Their efforts culminated in the development of a 12-step protocol and the first DRE program. The LAPD formally recognized the program in 1979. DREs have been trained to observe myriad “indicators” of impairment in one of seven categories: central nervous system depressants; CNS stimulants; hallucinogens; dissociative anesthetics; narcotic analgesics; inhalants; and cannabis, which includes cannabinoids and synthetics such as Dronabinol.

“I am very proud of Officer Peebles’ successful completion of the very challenging and difficult drug recognition expert program,” Walsh said. “The deployment of this officer with his knowledge, skill and expertise in the area of drugged driving detection will certainly increase the overall safety of the motorist traveling throughout the town of Great Barrington.”

The Great Barrington Police Department. Photo: Heather Bellow

In some jurisdictions, the expertise and effectiveness of DREs have been called into question. Three motorists were pulled over by police in Cobb County, Georgia, and despite their protestations to the contrary, were determined by a DRE to be stoned, but were later cleared by negative blood tests. All had been arrested by the DRE, charged with DUI and spent the night in jail.

With the help of the Georgia ACLU, those plaintiffs later filed a federal lawsuit in 2017, arguing that the DRE’s judgments were arbitrary and subjective.

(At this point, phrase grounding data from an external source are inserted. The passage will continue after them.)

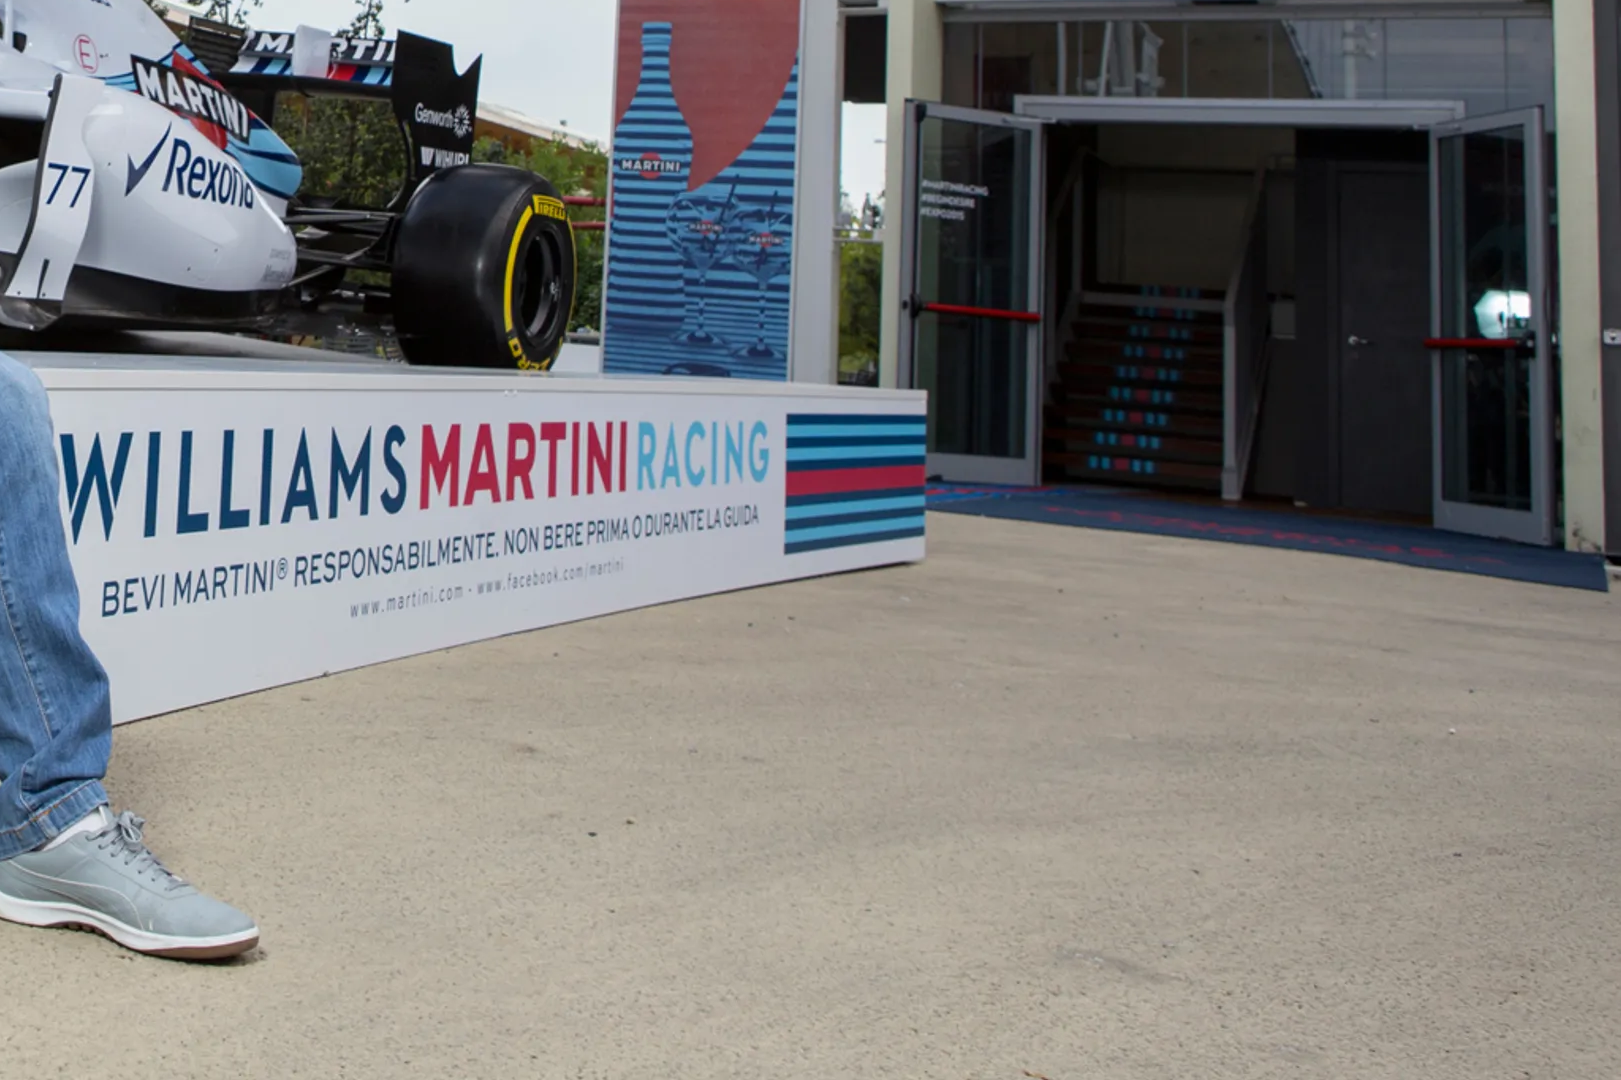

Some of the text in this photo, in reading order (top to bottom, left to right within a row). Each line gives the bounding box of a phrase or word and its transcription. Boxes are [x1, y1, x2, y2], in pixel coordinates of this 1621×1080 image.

[78, 38, 94, 70] E
[135, 62, 250, 138] MARTINI
[45, 162, 92, 208] 77
[162, 137, 255, 209] Rexona
[621, 159, 681, 172] MARTINI
[60, 420, 770, 546] WILLIAMS MARTINI RACING
[101, 573, 166, 618] BEVI
[293, 531, 499, 588] RESPONSABILMENTE.
[503, 526, 539, 557] NON
[543, 521, 584, 552] BERE
[586, 516, 630, 546] PRIMA
[631, 514, 642, 539] O
[644, 508, 704, 539] DURANTE
[706, 506, 722, 530] LA
[723, 503, 760, 529] GUIDA
[350, 584, 464, 618] www.martini.com
[477, 556, 625, 595] www.facebook.com/martini

According to Reason magazine, “The ACLU argues that the Cobb County Police Department licensed, endorsed, and encouraged such pseudoscientific methods, allowing officers artificially knighted with ‘Drug Recognition Expert’ status to falsely believe that they have a special and unique ability to detect marijuana use.”

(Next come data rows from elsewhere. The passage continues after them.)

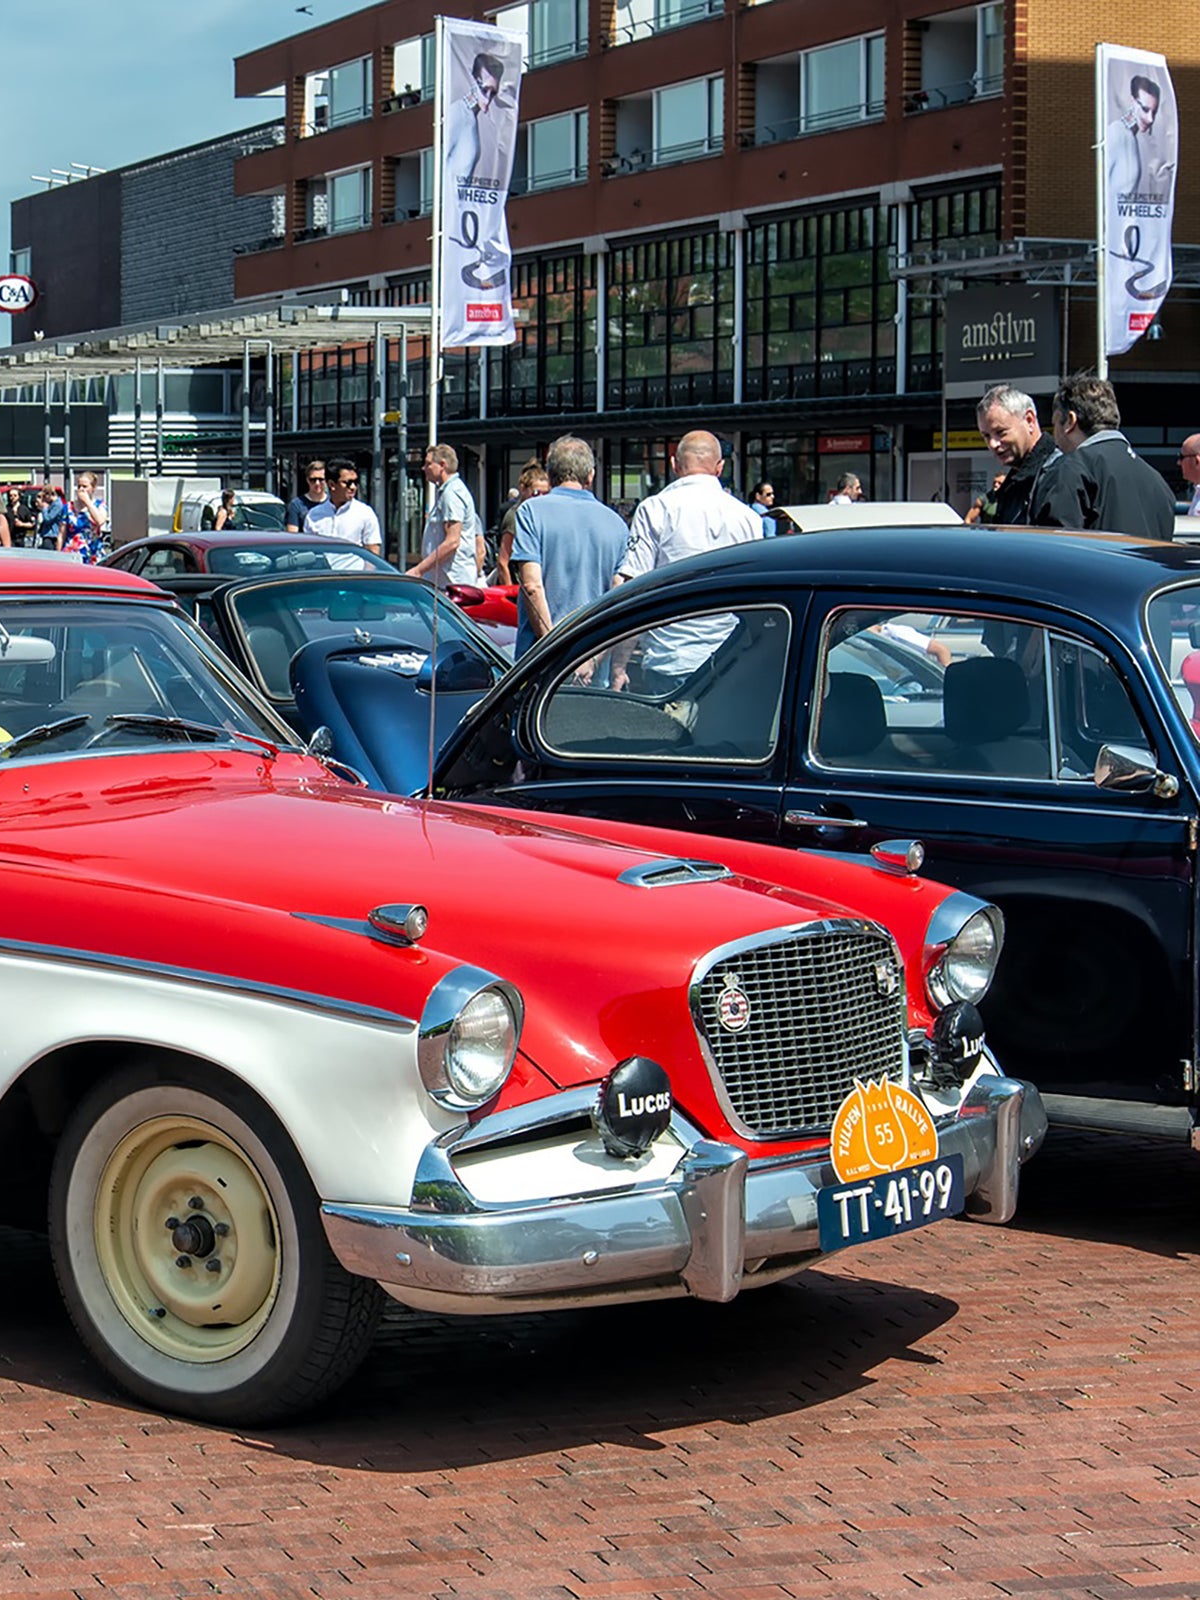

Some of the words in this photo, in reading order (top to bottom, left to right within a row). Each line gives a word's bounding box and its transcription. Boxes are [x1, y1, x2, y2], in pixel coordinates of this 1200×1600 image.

[962, 311, 1036, 348] amstlvn
[618, 1091, 671, 1118] Lucas
[839, 1104, 863, 1158] TULPEN
[895, 1094, 929, 1136] RALLYE
[874, 1122, 894, 1146] 55
[832, 1164, 953, 1238] TT-41-99

The impetus in the Massachusetts law enforcement community for more DREs is clear. In 2017, the state Supreme Judicial Court ruled that a police officer who is not qualified as a drug recognition expert may not testify that he believed a motorist arrested for OUI was under the influence of marijuana.

The cultivation, sale and use of recreational cannabis-related products was legalized in Massachusetts through a 2016 ballot initiative. The measure passed by almost 7.5 percentage points statewide, by almost 30 points in Great Barrington and by almost 24 points in Sheffield. Implementation of the new law was left to the hastily created state Cannabis Control Commission. Preceding that law, medical marijuana was legalized in Massachusetts in 2012 through the same process.